OCD has become a blanket term for people who like to keep things organized and clean. This isn't OCD unless you feel like something horrible will happen if things aren't clean, so you compulsively clean to get rid of the thoughts or fears you're having.
OCD comes in many forms, but I'm going to give you some examples of what I go through on a daily basis, which will hopefully make you understand what having Obsessive Compulsive Disorder is really like.
I have been on medication before for postpartum anxiety and OCD when it was at its worse. I've been off of the medication for almost a year, and what I'm about to describe is my normal, manageable OCD.
My thoughts while going for a drive with someone else driving: Okay, so we're all buckled in. Mason is secure in his car seat. What if he pulled his chest clip down. I need to check. I get out and check it before we leave. We're driving now.
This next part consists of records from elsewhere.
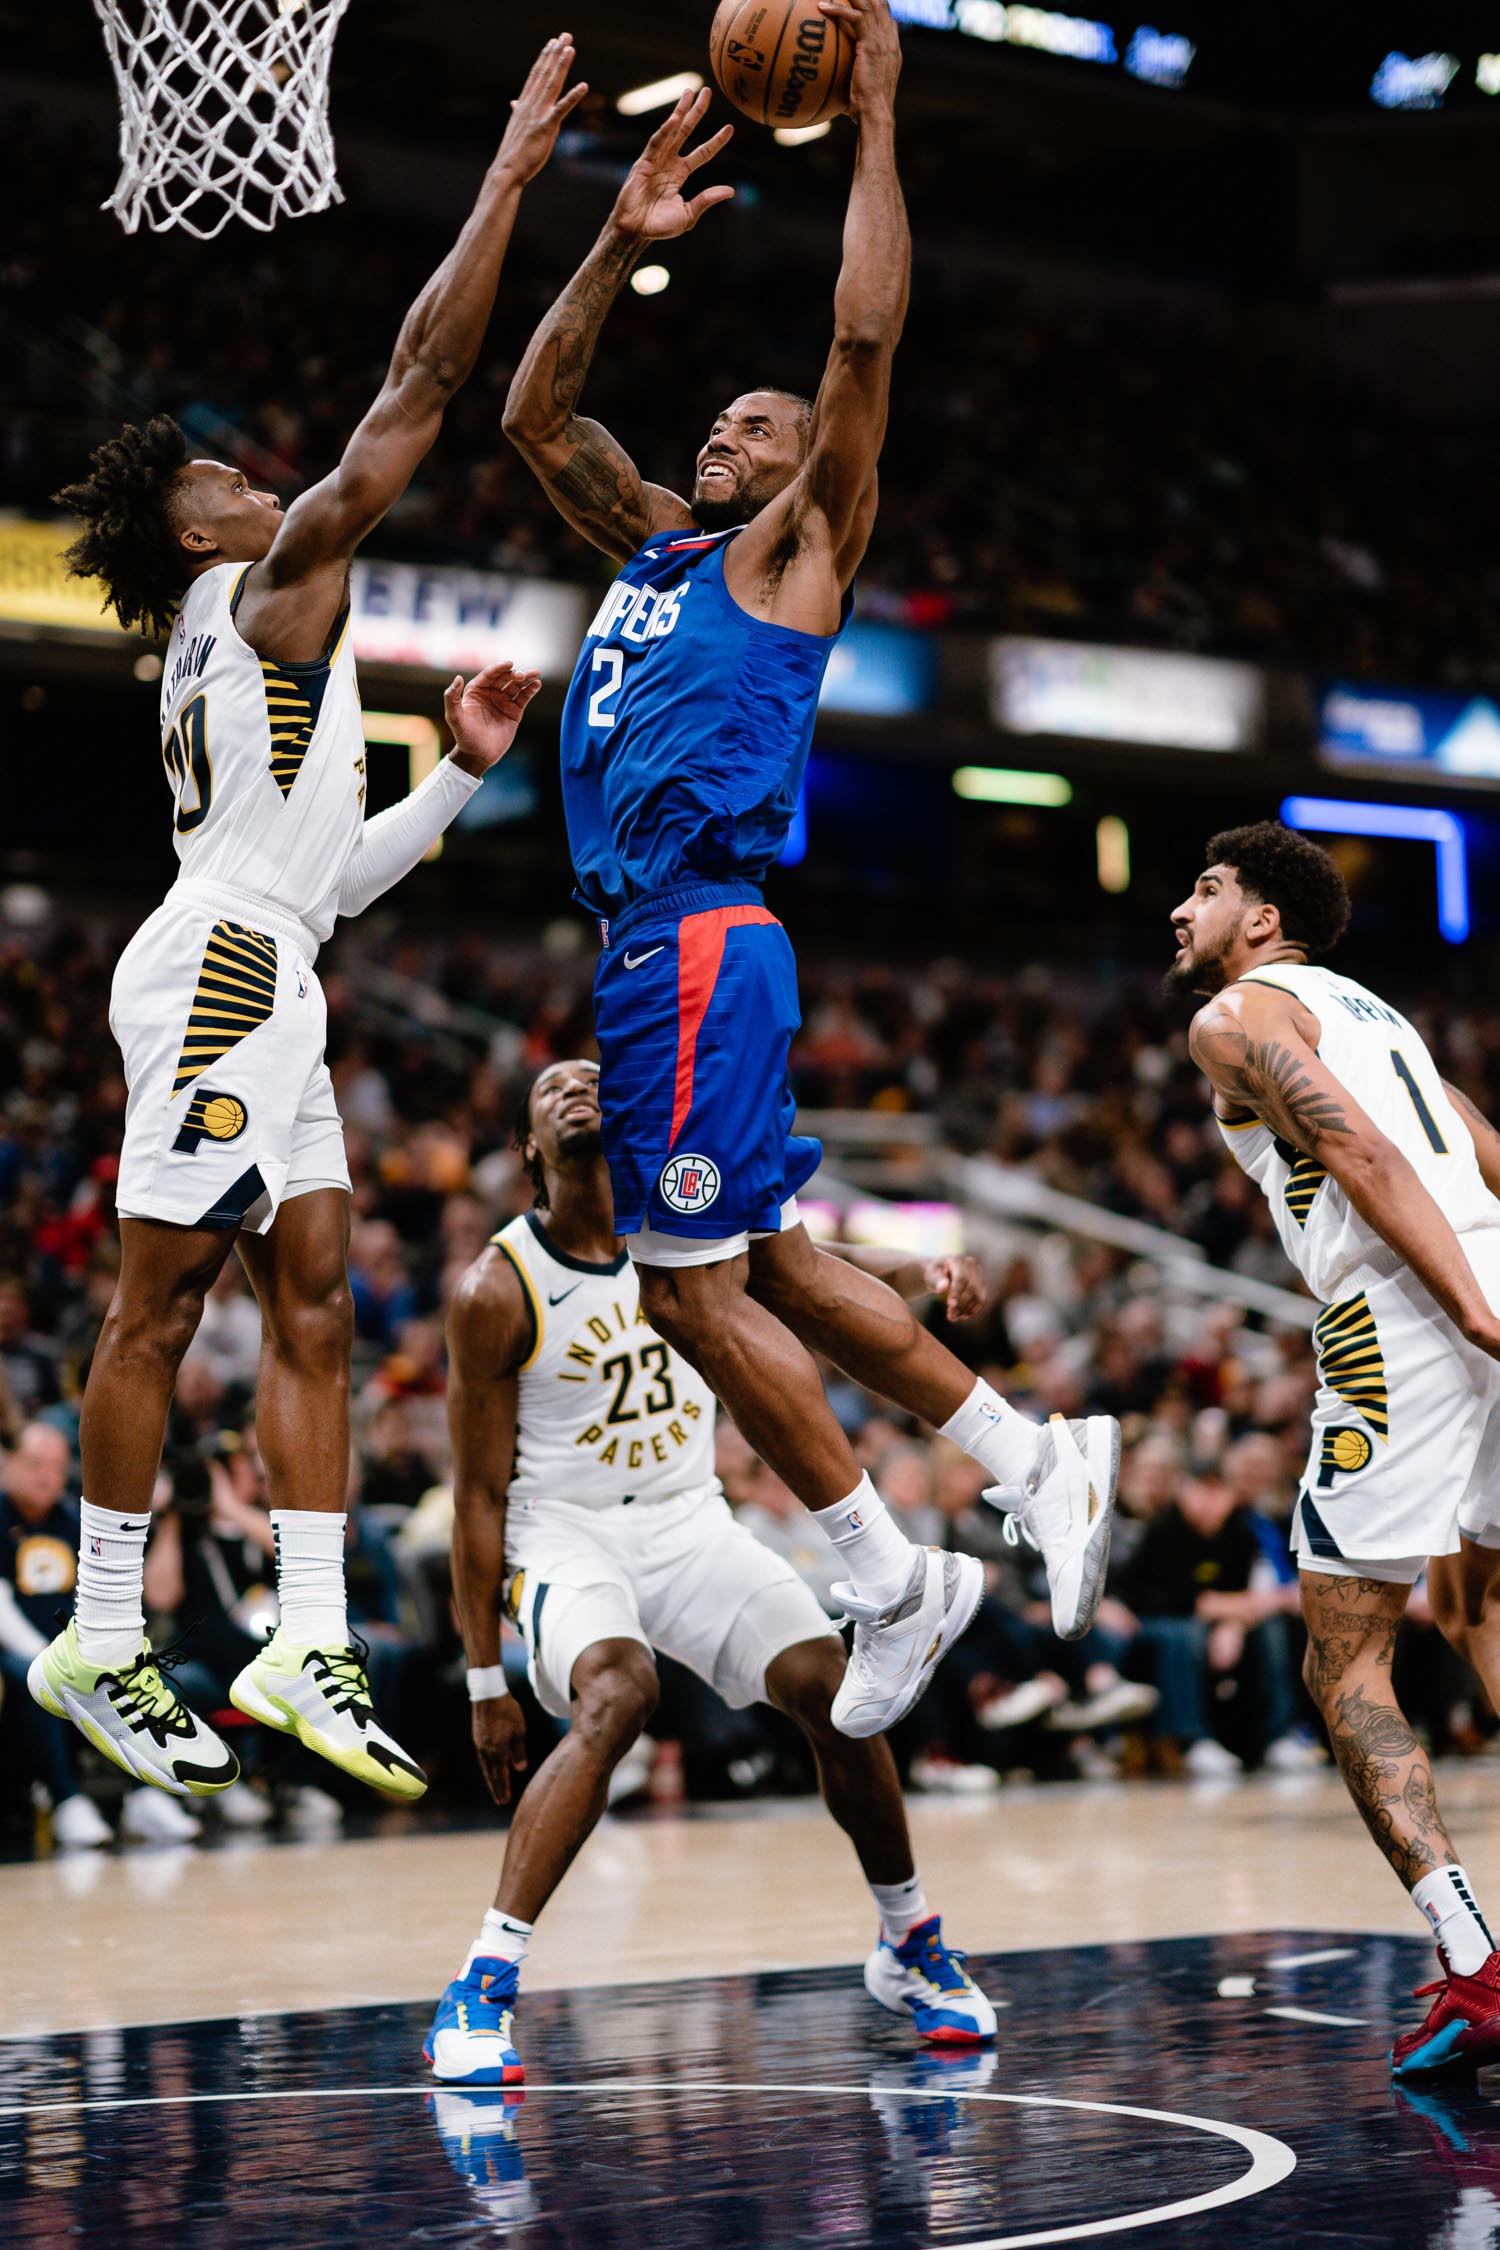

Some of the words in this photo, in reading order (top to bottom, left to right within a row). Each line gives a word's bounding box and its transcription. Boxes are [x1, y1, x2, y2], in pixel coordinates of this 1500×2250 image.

[775, 17, 827, 118] Wilson
[588, 648, 624, 727] 2
[1390, 1048, 1449, 1154] 1
[557, 1301, 650, 1382] INDIA
[602, 1341, 675, 1426] 23
[574, 1399, 702, 1470] PACERS
Okay, so I know I checked, but what if ifs not right. I can't check now because the car is moving. I'll just reach back and check. Okay, it seems to be in the right spot. What if we get into an accident and it wasn't really in the right spot and he gets thrown out of the car. What if the car seat isn't installed as tightly as I think and he gets killed. Omg I can picture him dead in the back seat. (This is an intrusive thought) I need to get rid of this thought. *Knocks 3 times on the side of the car door*. We continue driving and drive by a river. What if something runs out in front of us and we have to drive into the river. Okay look around the car, find something you could use to break the glass if we do go into the water. But what if that won't work. What if no one sees us and we drown. *Knocks 3 times on the side of the car to get rid of the thought*. We're on the highway now. I've been playing a game in my head since I was a kid as part of my OCD (yes I've had it my entire life) where I tap my finger on the seat every time I see a mile marker or post on the side of the road. If I miss a post I get a horrible feeling like something bad will happen. Since I've dealt with this forever, I can tell myself that it's just my OCD and I usually don't have to do a compulsion to get rid of that feeling anymore.
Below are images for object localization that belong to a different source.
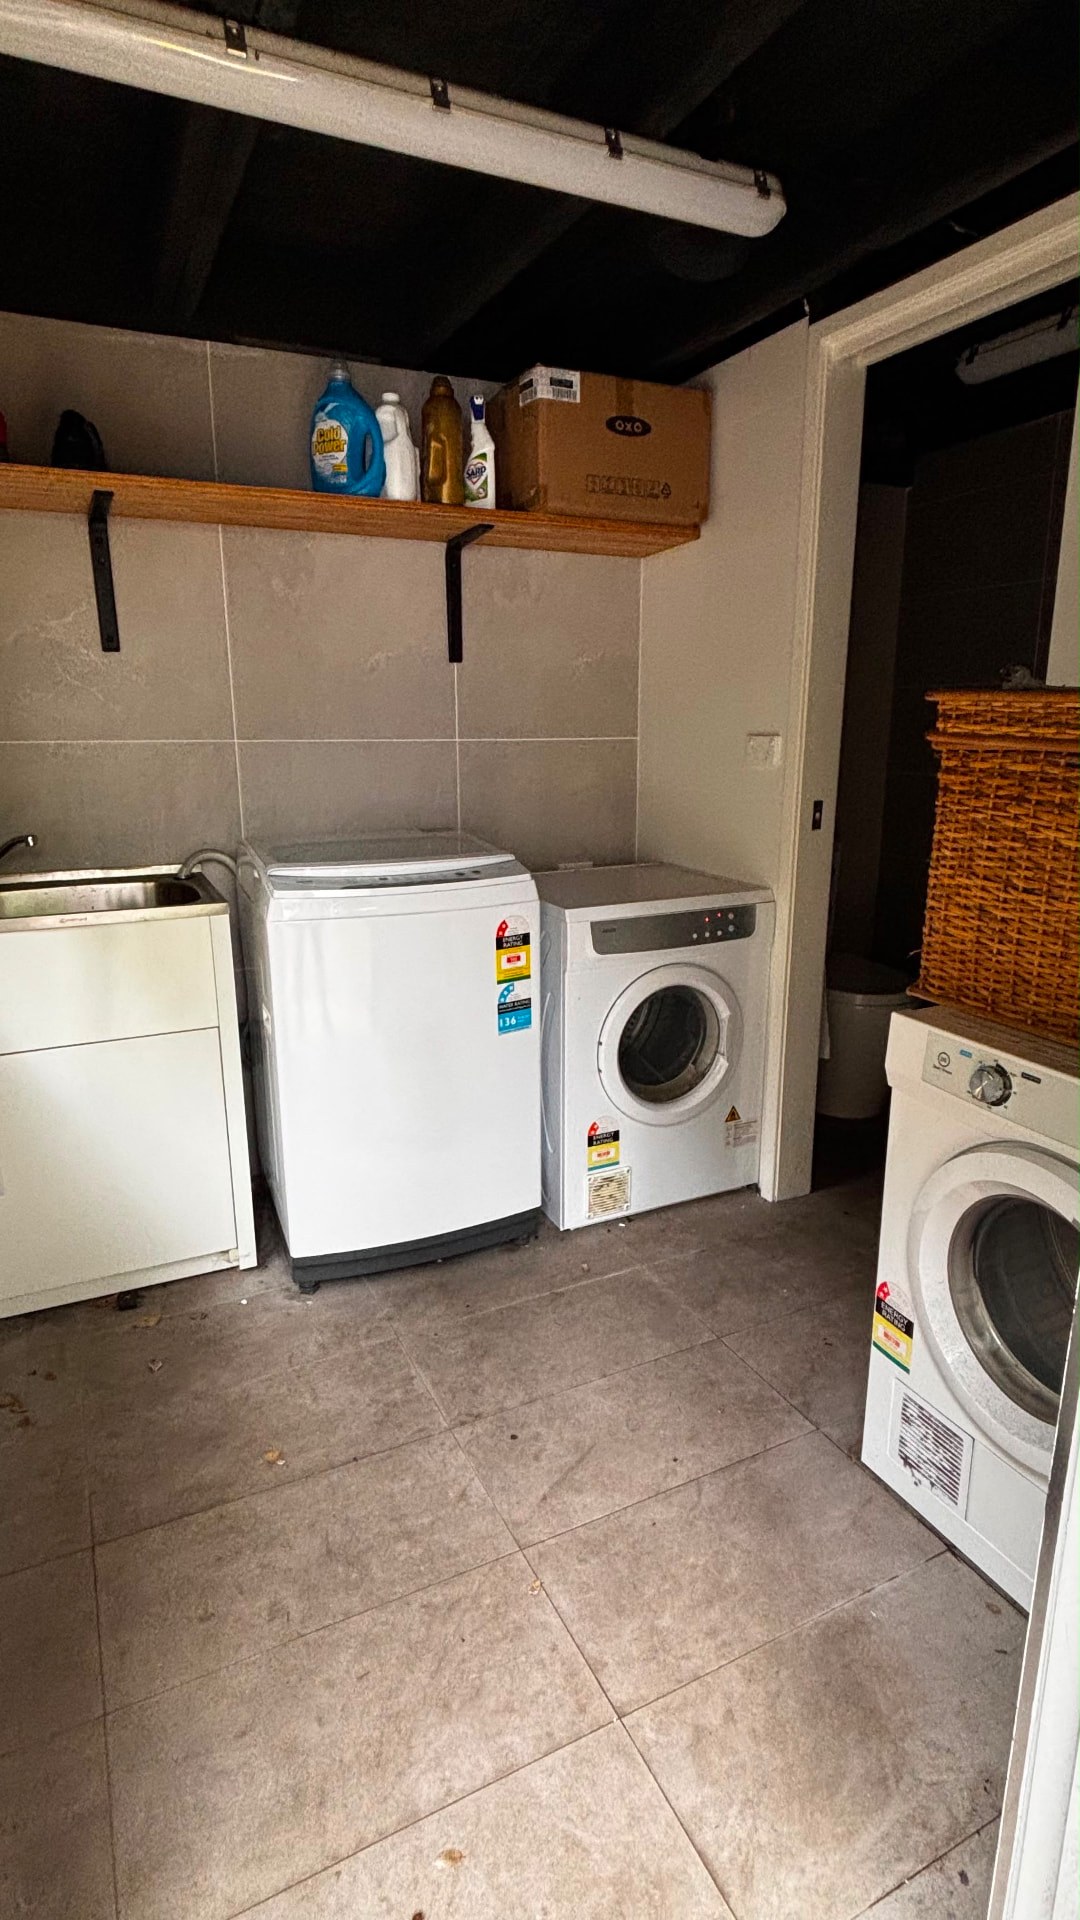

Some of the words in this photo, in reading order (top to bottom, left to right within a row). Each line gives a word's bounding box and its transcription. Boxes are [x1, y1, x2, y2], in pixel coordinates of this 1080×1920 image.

[317, 425, 342, 441] Cold
[615, 420, 642, 433] OXO
[312, 440, 346, 455] Power
[503, 935, 523, 943] ENERGY
[499, 1016, 516, 1027] 136
[593, 1132, 614, 1140] ENERGY
[593, 1138, 613, 1146] RATING
[881, 1302, 908, 1326] ENERGY
[881, 1310, 906, 1332] RATING
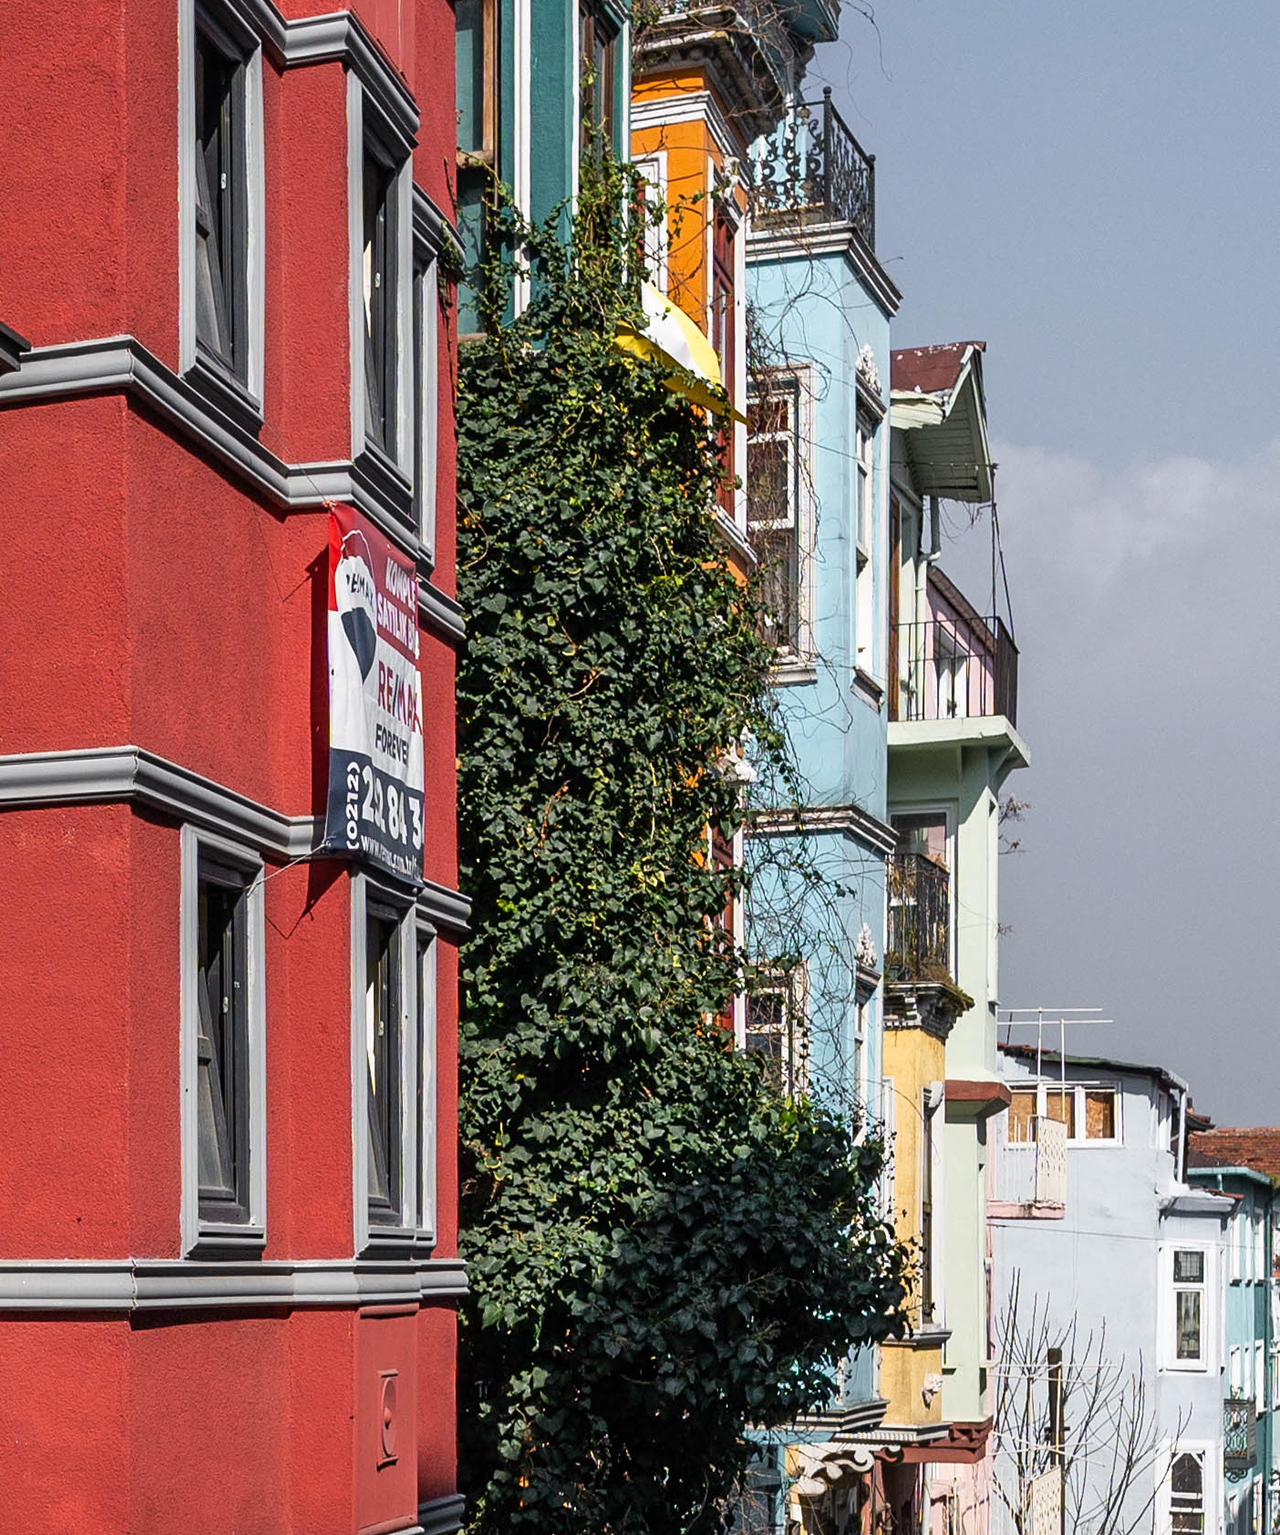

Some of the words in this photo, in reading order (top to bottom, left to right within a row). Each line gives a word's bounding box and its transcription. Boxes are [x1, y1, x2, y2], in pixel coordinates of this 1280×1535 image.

[385, 557, 416, 612] KOMPLE
[377, 660, 424, 736] RE/MAX
[346, 761, 361, 850] (0212)
While carrying Mason down a set of stairs: I know I won't drop him, but what if I drop him and he falls directly onto his head and breaks his neck. I actually picture this happening and it terrifies me, even though I've never dropped him before and don't think I ever will. Intrusive thought. *Knock 3 times on the wall to prevent this from happening*
Mitch and Mason are late to come home. This happened a couple of weeks ago. Okay, so they're 10 minutes late. No big deal. Mitch called at 5:30 though and told me he was getting Mason now, and it only takes 5 minutes to get home. What if something happened. What if Mason ran out into the road and got hit by a car. Intrusive thoughts. What if they were pulling out of the daycare and got hit by another car and it was on the side that Mason is sitting on. *hears sirens in the distance*. Oh my god, there are sirens. How far away are they? Should I start walking towards the daycare? I'm going to call him. *calls Mitch, no answer*. Oh GOD, he always answers his phone. Something horrible happened. *pictures cops showing up at door* What if they're dead. I can't lose them, I would die. *knocks on windowsill to get rid of thought and prevent it from being real* please god don't let them be dead. Please god don't let them be dead. Please god don't let them be dead.." Repetitive praying helps me get rid of the horrible feelings of dread. I also used to do this before bed when I got intrusive thoughts about Mason and SIDS.
I called his phone and texted him probably 15 times during the above situation. He was at the store and left his phone in the car.
Sounds pretty crazy right. The thing about OCD for me is that most people would never know that I had it. All of the thoughts and fears are in my head. Mitch might see me do a quick *knock knock knock* on the car door or something, but I'm pretty inconspicuous about it and most people never see it in action.
Lately I have been managing it by identifying the intrusive thoughts as what they are. If I get one, I can say to myself "this is an intrusive thought, and it's not real". I've been able to stop them, and get rid of them without doing a compulsive behaviour, which is a huge step for me. People who get intrusive thouhts would never actually act on the thought they have (such as dropping Mason). The thoughts are manifestations of our fears of things that we are SO afraid of happening, so we do the ritual or compulsive action to get rid of it.
My main OCD behaviours are checking things, repeating, and actions to get rid of intrusive thoughts. Checking and repeating, plus anxiety were mainly what I was on medication for postpartum.
So, do you still think you are "so OCD" because you have a clean house. Probably not.